### Records from a data collection
+---+

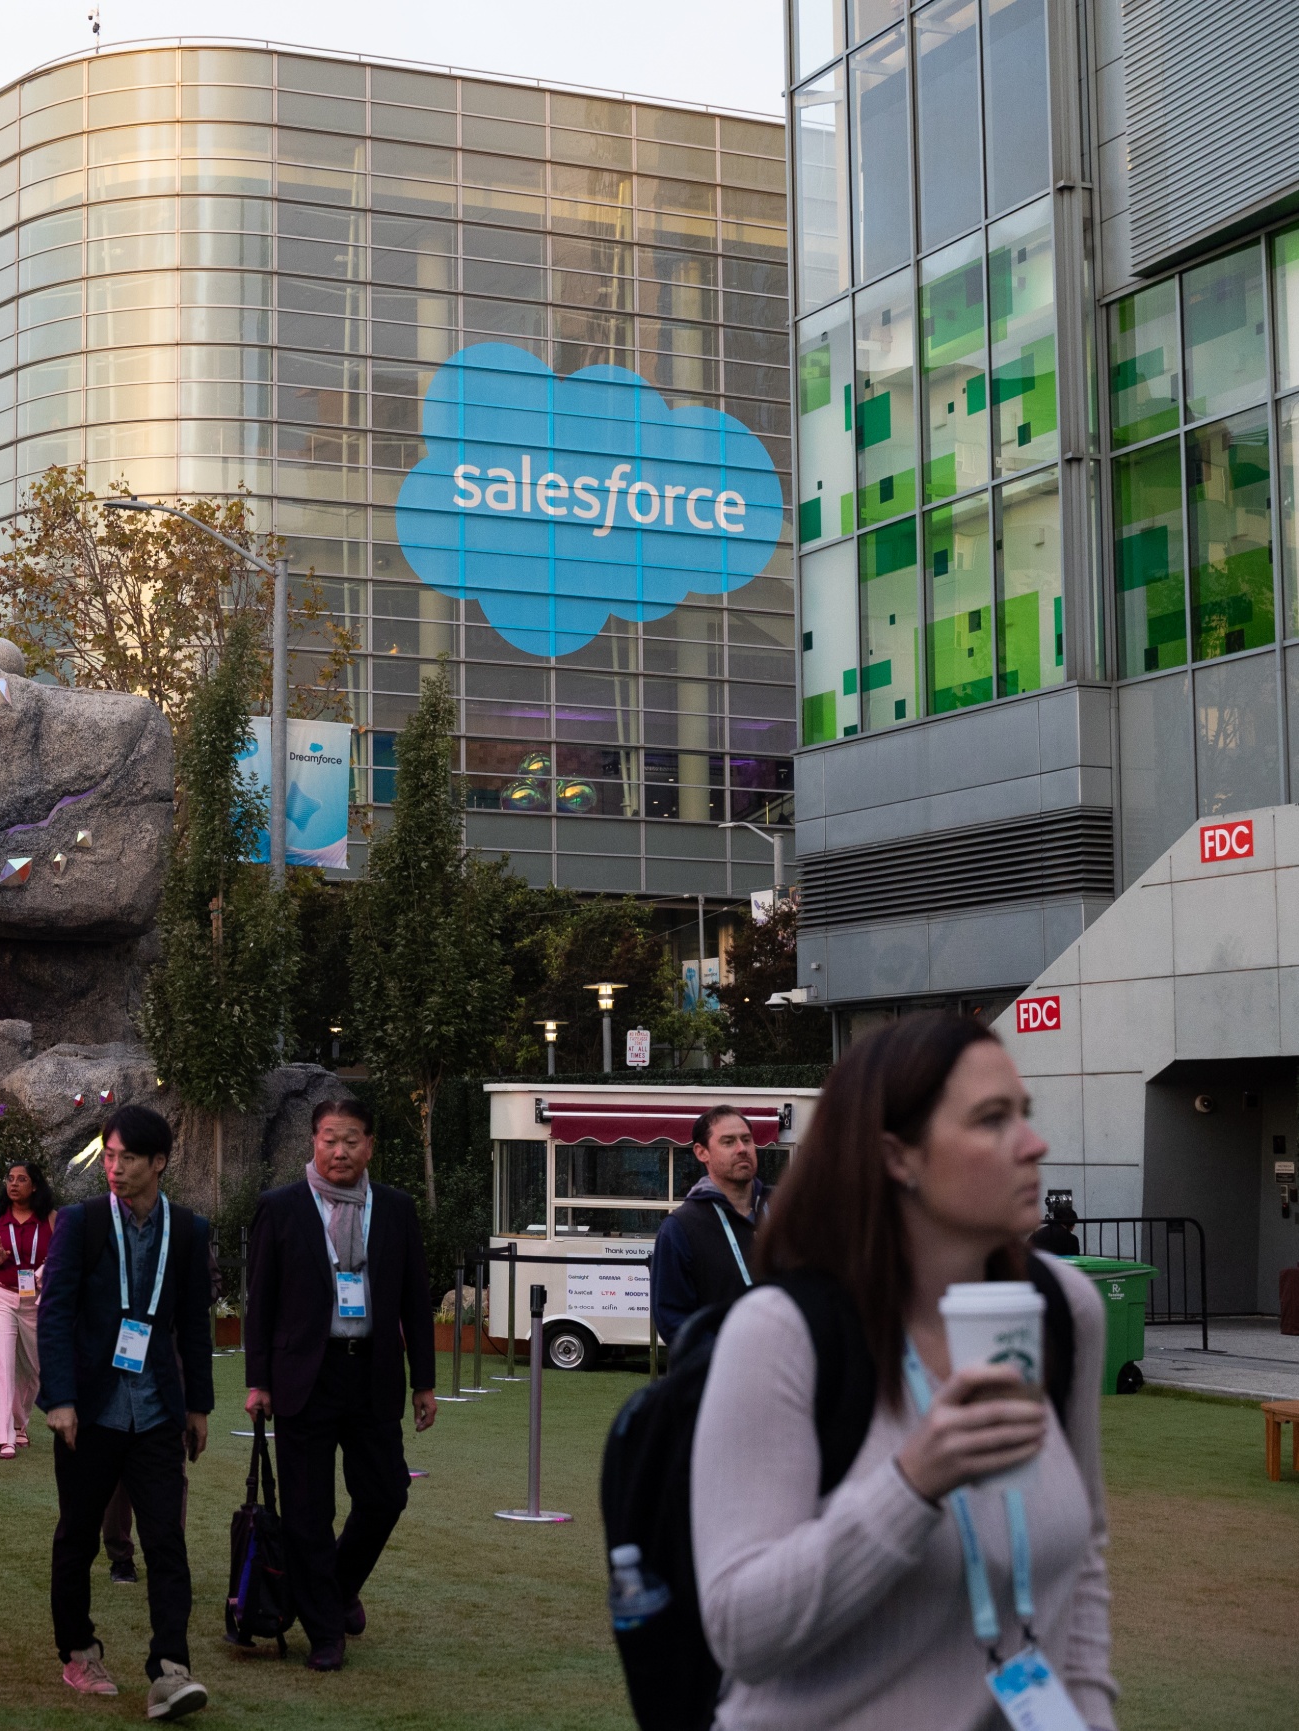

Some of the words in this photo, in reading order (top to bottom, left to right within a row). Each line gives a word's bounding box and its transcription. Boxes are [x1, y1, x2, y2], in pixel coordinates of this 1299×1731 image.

[453, 455, 746, 537] salesforce
[289, 752, 343, 765] Dreamforce
[1204, 825, 1250, 859] FDC
[1019, 1000, 1058, 1029] FDC

+---+

### Work request
Pictures excluded, set down all the entries exactly.

### Answer space
Some of the words in this photo, in reading order (top to bottom, left to right within a row). Each line gives a word's bounding box and its transcription. Boxes are [x1, y1, x2, y2], in pixel coordinates of this 1299×1731 image.

[453, 455, 746, 537] salesforce
[289, 752, 343, 765] Dreamforce
[1204, 825, 1250, 859] FDC
[1019, 1000, 1058, 1029] FDC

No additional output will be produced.